Italian fashion photographer Paolo Roversi has been taking portraits in the same Paris studio for more 30 years. And, speaking with him about his craft, it seems no coincidence that the space was once a painter’s atelier.

“For me, photography is all five senses,” Roversi said in a phone interview. “It’s not just the visual. It’s also the smell, touch, taste and sound. You might hear music when you look at a photo, or feel the wind. It’s a window to the imagination.”




Roversi has brought together more than 100 of his portraits in “Dior Images: Paolo Roversi.” Created in collaboration with Christian Dior, the coffee table book features the likes of Kate Moss and Naomi Campbell wearing dresses from the fashion house’s archive – all captured with the signature photographic blur Roversi pioneered in the 1990s.

“I feel more when the photos are not sharp, that’s why,” he said. “In my work, there is nothing rational or logical … It’s about instinct and feelings.”

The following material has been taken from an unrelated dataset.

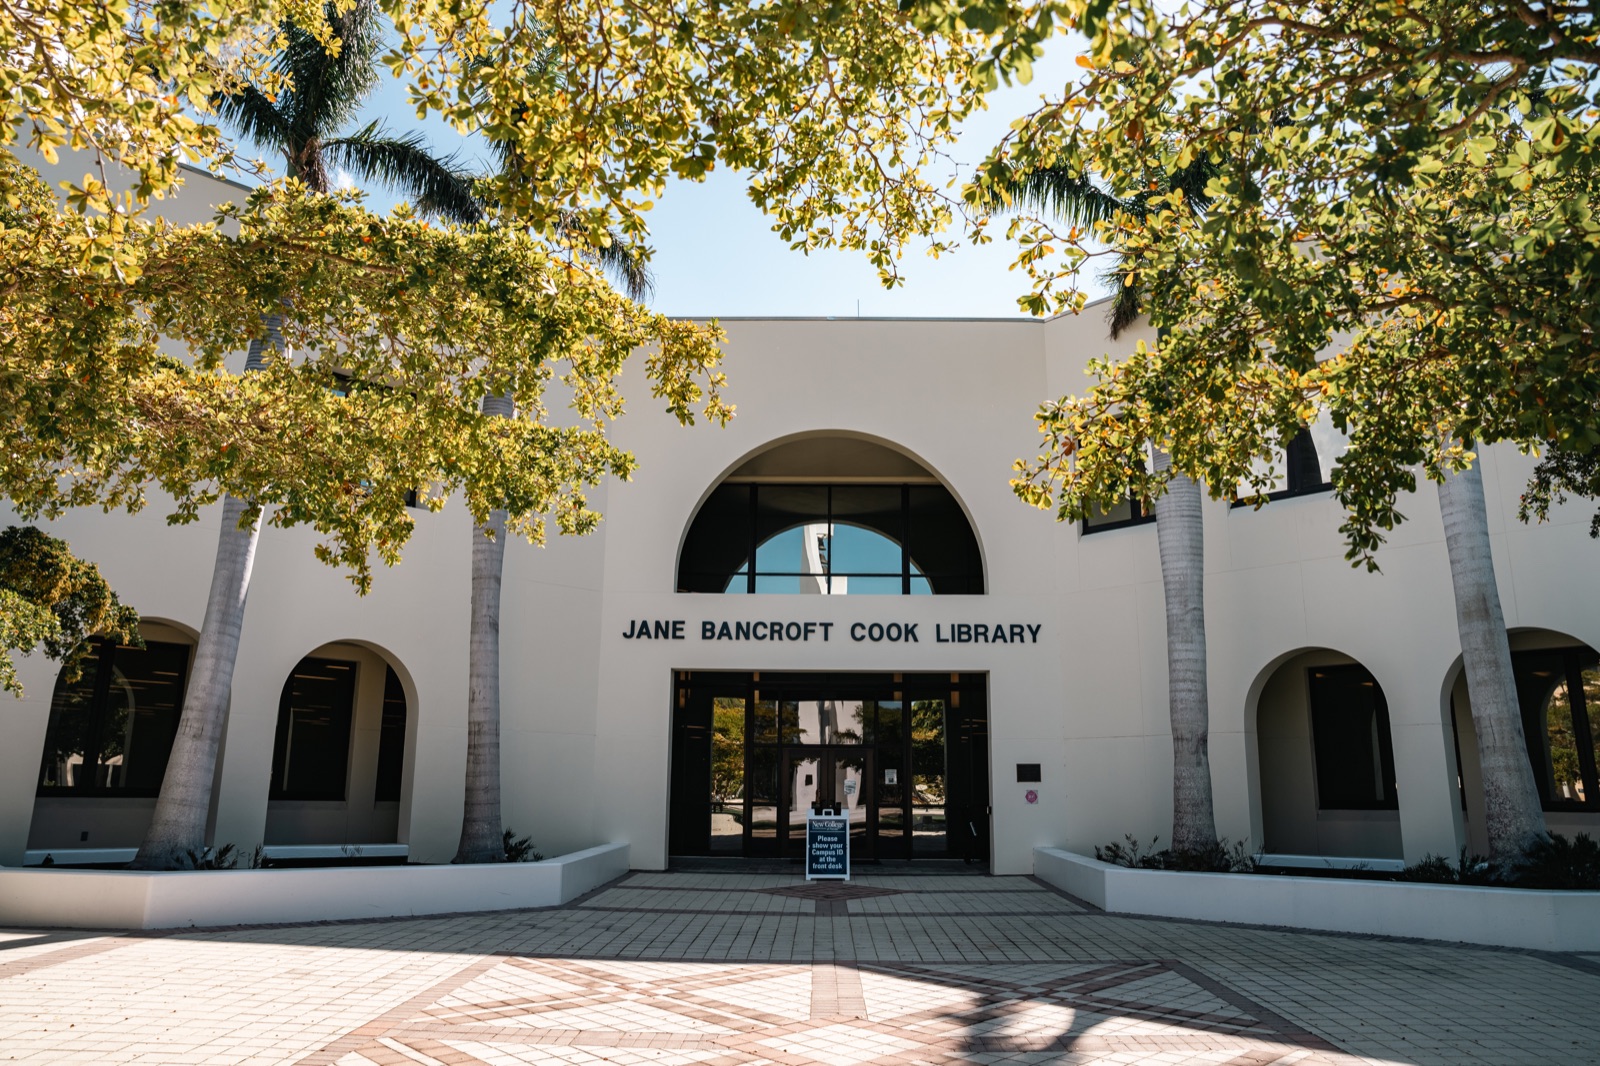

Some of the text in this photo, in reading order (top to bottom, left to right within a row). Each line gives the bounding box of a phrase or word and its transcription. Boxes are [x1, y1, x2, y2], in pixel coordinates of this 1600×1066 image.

This philosophy seems a far cry from Roversi’s photojournalist beginnings. In 1970, he got his start shooting for the Associated Press, for whom he photographed Ezra Pound’s burial in Venice. Two years later, he moved to Paris and started working for Elle magazine. It was there that he was introduced to the work of Helmut Newton, Guy Bourdin, Richard Avedon and Irving Penn.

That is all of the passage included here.